Se han deslizado mis besos por tu piel, acariciándola, arañando suavemente la extensa belleza de tu cuerpo. Se han adherido a cada poro, tratando de llenarse de ti y han trepado a tu boca, a saciarse, a preguntarles a tus labios,  cuánto desean los míos, y no me han dejado terminar, porque se han enredado nuestras lenguas, en esa búsqueda interminable, de no se qué. Mis manos te han tocado, dibujando tu perfil, uniendo puntos y trazando líneas de la cabeza a los pies, y me he enamorado de tus imperfecciones, de tus cicatrices, y las he besado, y guardado en mi memoria, como quien guarda un tesoro. Porque las heridas no se esconden, ni se les aparta las mirada. He visto el paso del tiempo tatuado en tu cuerpo, años envejeciendo al tiempo, años embelleciéndote, y me ha gustado ese paisaje.
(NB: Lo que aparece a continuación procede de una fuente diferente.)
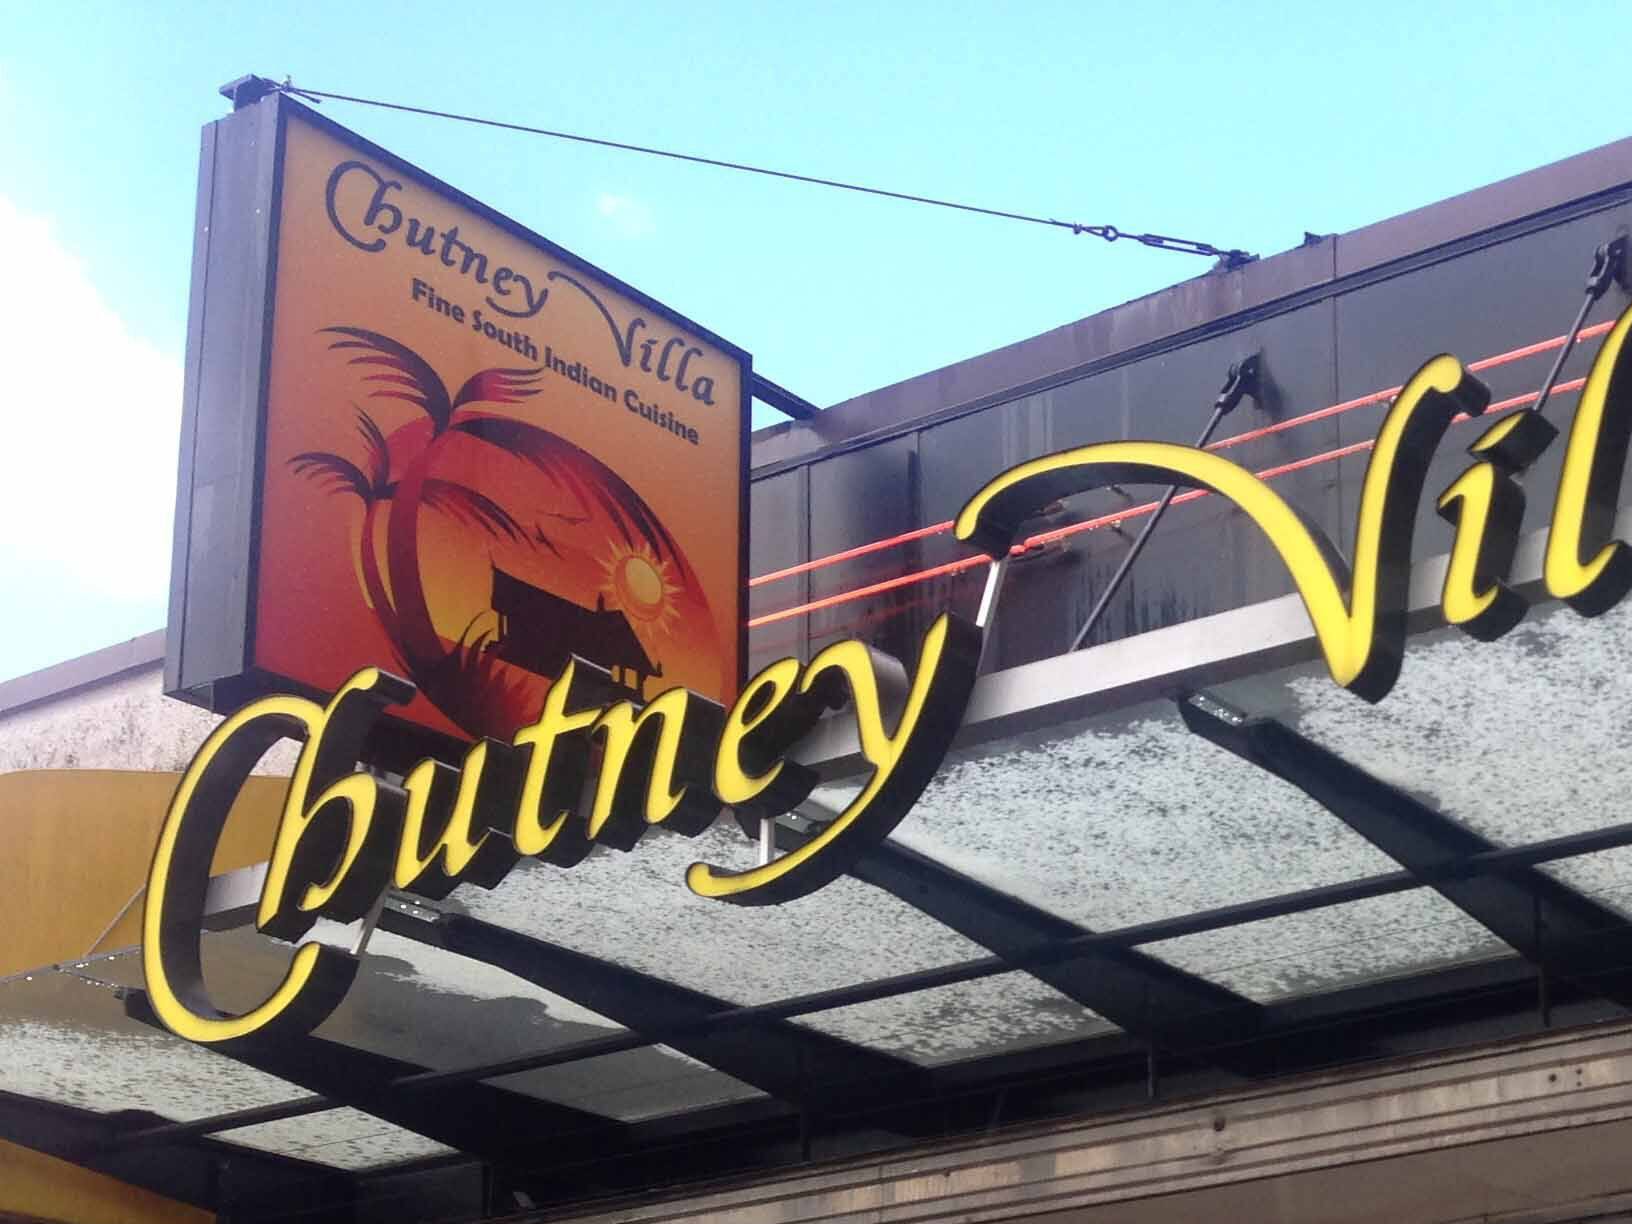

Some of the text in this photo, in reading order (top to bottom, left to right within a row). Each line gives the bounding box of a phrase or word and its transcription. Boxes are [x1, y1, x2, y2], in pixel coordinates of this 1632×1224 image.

[326, 161, 716, 406] Chutney Villa
[412, 278, 700, 445] Fine South Indian Cuisine
[143, 611, 975, 1044] Chutney
Me he perdido con la mirada entre tus valles y montañas, y he deseado dormir en ellas, y despertar, y volver a dormir. Vagar una noche entera entre tus palabras y mis silencios, entre tus manos y mi deseo, y caer, una y otra vez, hasta saciar la sed. He provocado aullidos, cantos de placer, gritos de desesperación, pequeños gemidos que claman piedad, y más. Y te he arrancado la vergüenza ,y la ropa, desnudando la noche y el deseo. Y he buscado con la imaginación, lo que tenía delante, y he dejado de buscar, para saborear y disfrutar. Y es que ya sabes, que me encanta esta parte…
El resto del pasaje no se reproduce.